» Task requirements:
Repeat the data in full. Every line must match.

(Stored data entries)
○ ○ ○ ○ ○ ○ ○

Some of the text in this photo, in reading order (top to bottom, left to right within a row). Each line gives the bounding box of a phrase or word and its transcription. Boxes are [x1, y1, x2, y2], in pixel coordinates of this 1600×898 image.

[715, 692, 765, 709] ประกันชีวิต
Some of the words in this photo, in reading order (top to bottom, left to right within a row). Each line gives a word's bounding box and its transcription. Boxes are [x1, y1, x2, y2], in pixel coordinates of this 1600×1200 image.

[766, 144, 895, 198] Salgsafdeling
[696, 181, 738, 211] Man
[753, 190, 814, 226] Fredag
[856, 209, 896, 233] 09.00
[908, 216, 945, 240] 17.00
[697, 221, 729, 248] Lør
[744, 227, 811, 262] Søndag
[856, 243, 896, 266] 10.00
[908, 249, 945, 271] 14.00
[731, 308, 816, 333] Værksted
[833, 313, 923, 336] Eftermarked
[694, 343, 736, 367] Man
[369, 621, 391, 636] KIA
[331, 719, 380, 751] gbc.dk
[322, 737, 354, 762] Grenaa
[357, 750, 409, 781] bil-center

○ ○ ○ ○ ○ ○ ○

» Task solution:
Some of the text in this photo, in reading order (top to bottom, left to right within a row). Each line gives the bounding box of a phrase or word and its transcription. Boxes are [x1, y1, x2, y2], in pixel coordinates of this 1600×898 image.

[715, 692, 765, 709] ประกันชีวิต
Some of the words in this photo, in reading order (top to bottom, left to right within a row). Each line gives a word's bounding box and its transcription. Boxes are [x1, y1, x2, y2], in pixel coordinates of this 1600×1200 image.

[766, 144, 895, 198] Salgsafdeling
[696, 181, 738, 211] Man
[753, 190, 814, 226] Fredag
[856, 209, 896, 233] 09.00
[908, 216, 945, 240] 17.00
[697, 221, 729, 248] Lør
[744, 227, 811, 262] Søndag
[856, 243, 896, 266] 10.00
[908, 249, 945, 271] 14.00
[731, 308, 816, 333] Værksted
[833, 313, 923, 336] Eftermarked
[694, 343, 736, 367] Man
[369, 621, 391, 636] KIA
[331, 719, 380, 751] gbc.dk
[322, 737, 354, 762] Grenaa
[357, 750, 409, 781] bil-center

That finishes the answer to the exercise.